What Is Anuria?
Anuria refers to a total urine output of less than 100 ml in 24 hours. It is found in patients with severe heart and kidney disease and shock. The standard of anuria in the oliguria phase of epidemic hemorrhagic fever is less than 50ml in 24 hours. The treatment is given according to the difference of the primary disease.
Basic Information
- English name
- Anuria
- Visiting department
- Nephrology
- Common locations
- Common causes
- Severe heart and kidney disease, shock
- Common symptoms
- 24 hours total urine output less than 100 ml
Causes of anuria and common diseases
- Divided into prerenal, renal and postrenal.
- Prerenal
- Shock, heart failure, dehydration, and other conditions that cause a decrease in effective blood volume can lead to insufficient glomerular filtration and anuria.
- 2. Renal
- Caused by various renal parenchymal lesions.
- 3. Postrenal
- Caused by urinary tract obstruction or dysuria due to stones, urinary tract stenosis, and tumor compression.
No urine test
- 1. 24-hour urine output for adults is less than 100ml;
- 2. Check auxiliary tests such as urine routine, blood routine, renal function, liver function, retrograde ureteral angiography, intravenous pyelography, and plasma albumin level;
- 3. If necessary, perform a renal biopsy to clarify the cause of anuria. If it is acute renal failure, temporarily treat with hemodialysis if necessary.
Differential diagnosis of anuria
- 1. Identification of concentration and reabsorption functions
- Differentiation between prerenal anuria and renal anuria: during prerenal anuria, the renal tubules remain intact for the function of concentrating and reabsorbing sodium, while renal tubular necrosis, renal tubule concentrating and reabsorbing functions decrease, so oliguria Accompanied by high urinary sodium 40mmol / L and hypotonic urine, but this is not absolute, there are also many prerenal clinical manifestations of concentrated hypernatremia.

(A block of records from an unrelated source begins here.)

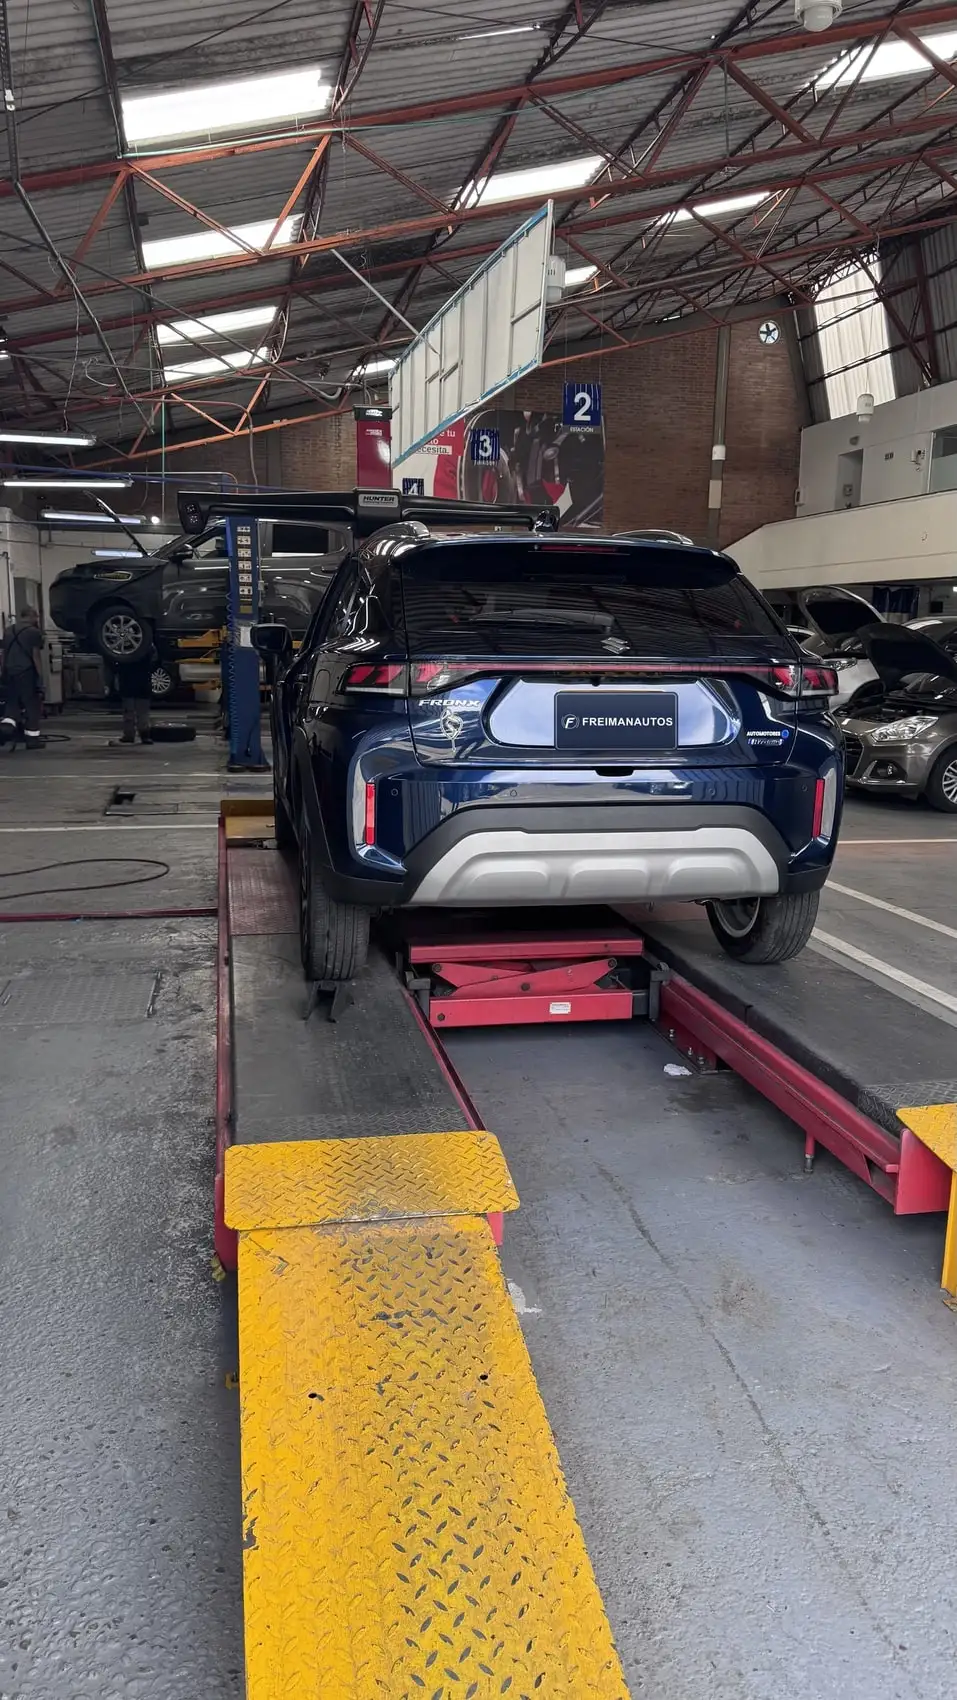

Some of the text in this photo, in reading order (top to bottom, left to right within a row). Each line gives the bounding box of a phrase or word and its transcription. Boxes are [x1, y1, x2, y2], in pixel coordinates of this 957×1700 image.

[574, 392, 591, 421] 2
[447, 429, 456, 438] tu
[416, 446, 450, 454] ecesita.
[479, 434, 493, 457] 3
[418, 699, 480, 707] FRONX
[582, 717, 673, 727] FREIMANAUTOS
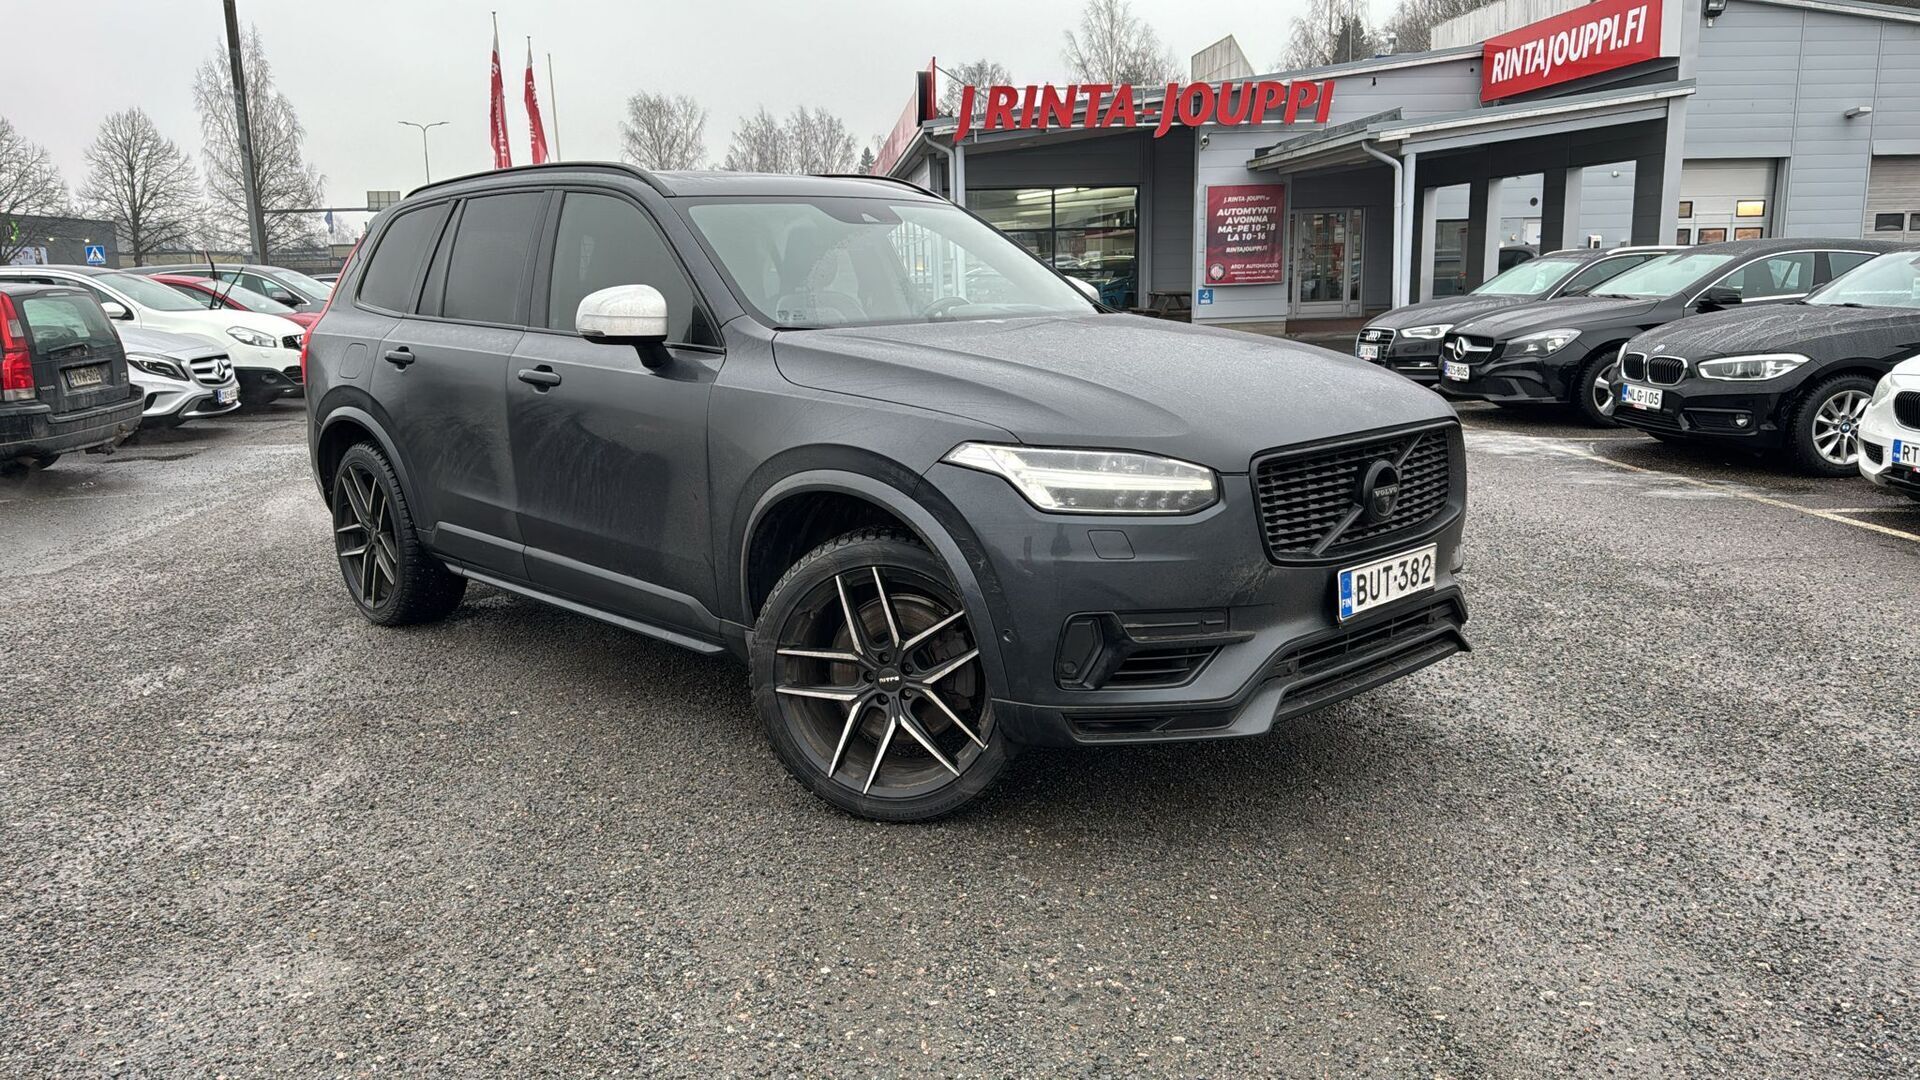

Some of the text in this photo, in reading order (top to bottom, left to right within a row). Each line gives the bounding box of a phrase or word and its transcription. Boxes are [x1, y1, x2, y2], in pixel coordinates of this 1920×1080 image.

- 2. Therapeutic identification
- Can be identified by two methods of fluid replacement and diuresis. For prerenal patients, urine volume and renal function will improve after fluid replacement, and urine output will increase after diuresis; while renal characteristics will not be relieved after fluid replacement, and the diuretic effect will not be strong. Post-renal urine routine results may include red blood cells and protein, and urinary color ultrasound indicates morphological changes in urinary tract obstruction.
Principles of anuria treatment
- Symptomatic treatment is given according to the differences of prerenal, renal and postrenal.